::: Data extracts

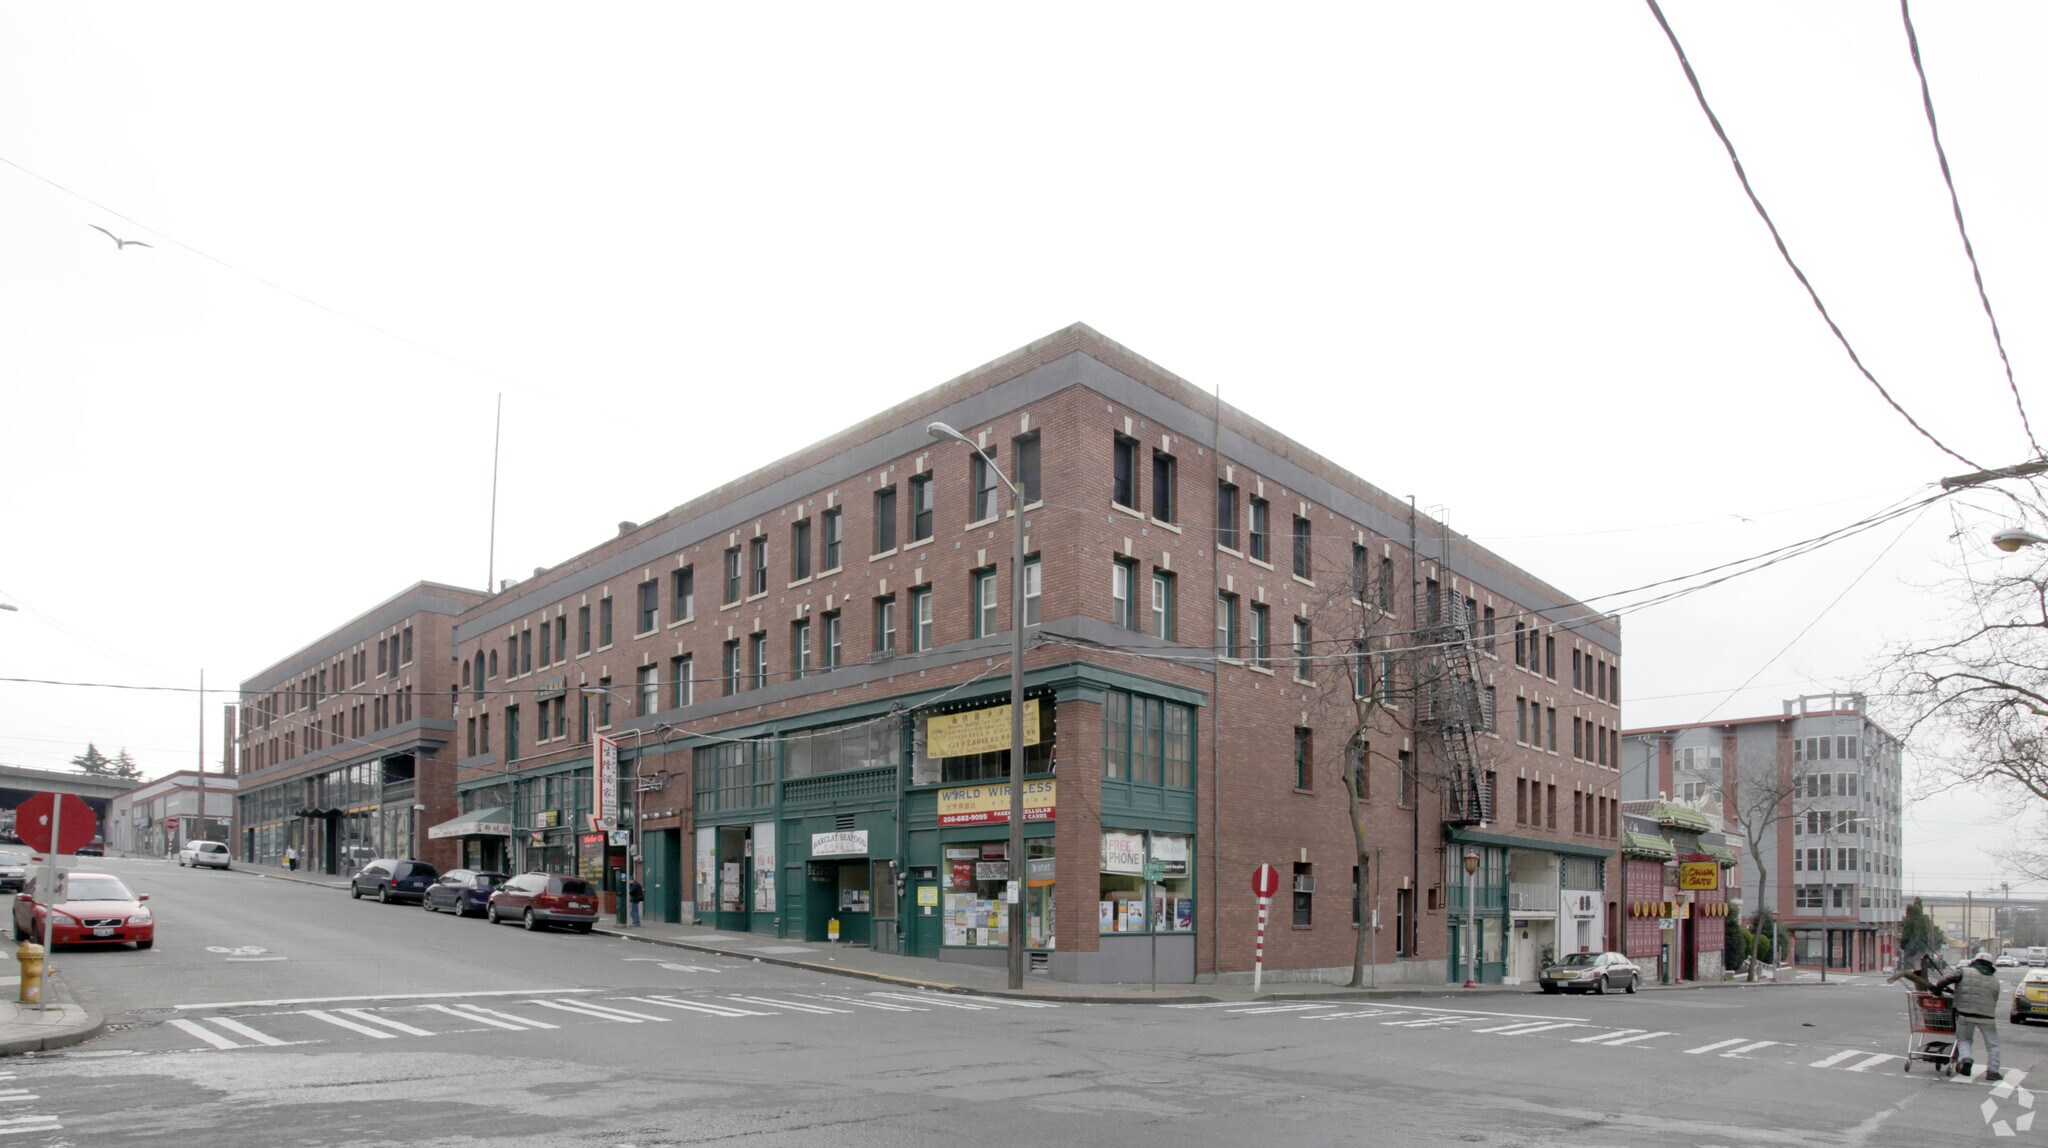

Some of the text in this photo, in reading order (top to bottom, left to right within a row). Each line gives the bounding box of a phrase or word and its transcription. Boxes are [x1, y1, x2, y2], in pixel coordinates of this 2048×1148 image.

[942, 788, 980, 801] WORLD
[813, 833, 867, 849] BARCLAY SEAFOOD
[1108, 839, 1132, 852] FREE
[1108, 852, 1139, 865] PHONE

::::::

# What to produce
Go through the records above and write out every line exactly, passing over the pictures.

# Finished task
Some of the text in this photo, in reading order (top to bottom, left to right within a row). Each line gives the bounding box of a phrase or word and its transcription. Boxes are [x1, y1, x2, y2], in pixel coordinates of this 2048×1148 image.

[942, 788, 980, 801] WORLD
[813, 833, 867, 849] BARCLAY SEAFOOD
[1108, 839, 1132, 852] FREE
[1108, 852, 1139, 865] PHONE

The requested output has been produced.